Inventor Chris Milnes shows IBTimes UK the Squarehelper, a 3D-printed invention
Inventor Chris Milnes shows IBTimes UK the Squarehelper, a 3D-printed invention IBTimes UK

He used a 3D printer to design a tiny bit of plastic called the Squarehelper to hold the Square reader in place, and it was so successful that other people who were frustrated by the problem began ordering them from him.

"I took a trip to China to look at injection moulding [in a factory] the usual way and it was going to be really expensive for an independent dad in New Jersey," Milnes tells IBTimes UK.

"To make an injection mould for the Squarehelper, it would have cost me $6,000 and then the factory would have charged me between 15-20 cents per piece. Instead I bought a 3D printer for $2,000 and here at home I can 3D-print it and each piece costs me less than three cents.

"This is something I could never do 10 years ago when injection moulding was all we had. It took me just one week to learn to use a 3D printer, and in one month I was selling the Squarehelper online, and within three to five months they were buying them wholesale and selling them to stores in the hundreds."

A cottage industry powered by 3D printing

Milnes eventually branched out into various different products, which turned into a full-time business he runs from home, using four 3D printers running 20 hours a day. One of his top-selling products being toy figurines of Buddhas topped with the heads of popular sci-fi characters, which he prints out and sells on Etsy.

Zen Yoda and Zen Chewbacca - Sci-Fi toys 3D-printed and sold on Etsy by inventor/designer Chris Milnes
Zen Yoda and Zen Chewbacca Sci-Fi toys 3D-printed and sold on Etsy by inventor/designer Chris Milnes IBTimes UK

"If I wanted to print out 10,000 pieces, then it might make sense to go to injection moulding, but I like making limited edition pieces of just 1,000 at a time, so 3D printing is much cheaper," Milnes says.
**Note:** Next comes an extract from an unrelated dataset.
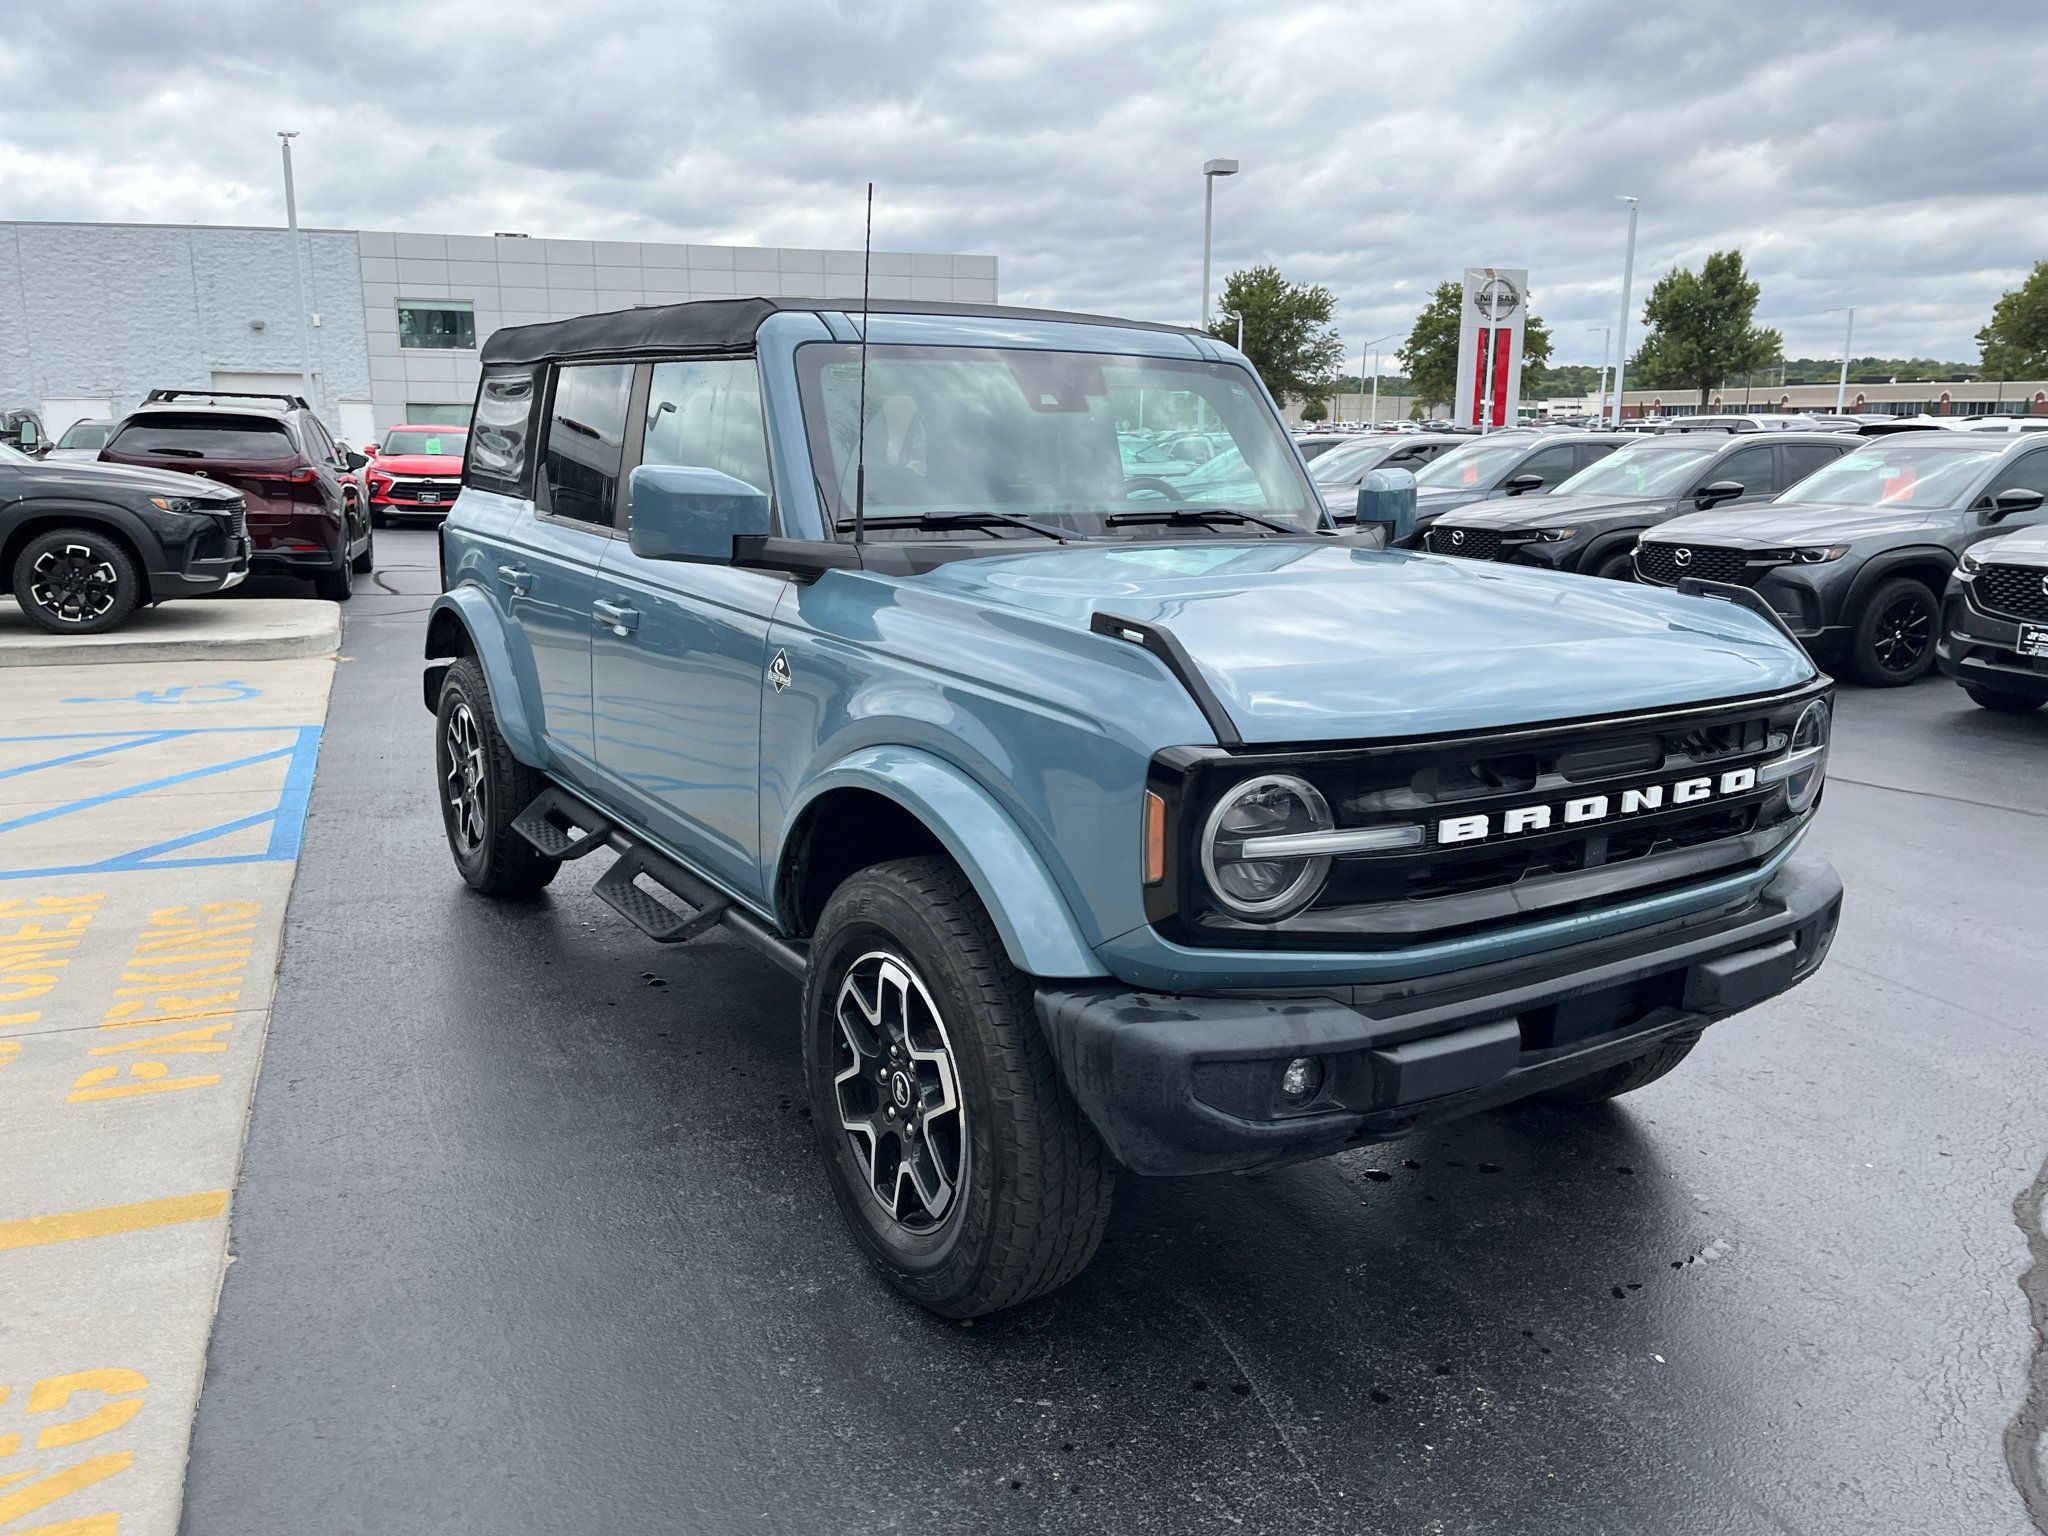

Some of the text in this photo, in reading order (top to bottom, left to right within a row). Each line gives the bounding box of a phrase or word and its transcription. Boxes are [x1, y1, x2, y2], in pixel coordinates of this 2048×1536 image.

[1480, 294, 1518, 303] NISAN
[1438, 767, 1756, 844] BRONCO
[65, 901, 261, 1103] PARKING
"Now I teach companies how to set-up 3D printers in-house so that they can make their own products, or people contact me from all over the world on 3D Hubs, asking me to design objects for them or to print out design orders for them on my printers."

Besides cottage industries (where people are making their own products), rapid prototyping and medical applications, 3D printing is also infiltrating schools, colleges and universities, but as people continue to innovate, even the veterans of the 3D printing industry have no idea where the technology will eventually lead.

"We have an idea where we think 3D printing will be in the next year or so, but the magic about this is that we don't know exactly how it will impact the world," says Schulze.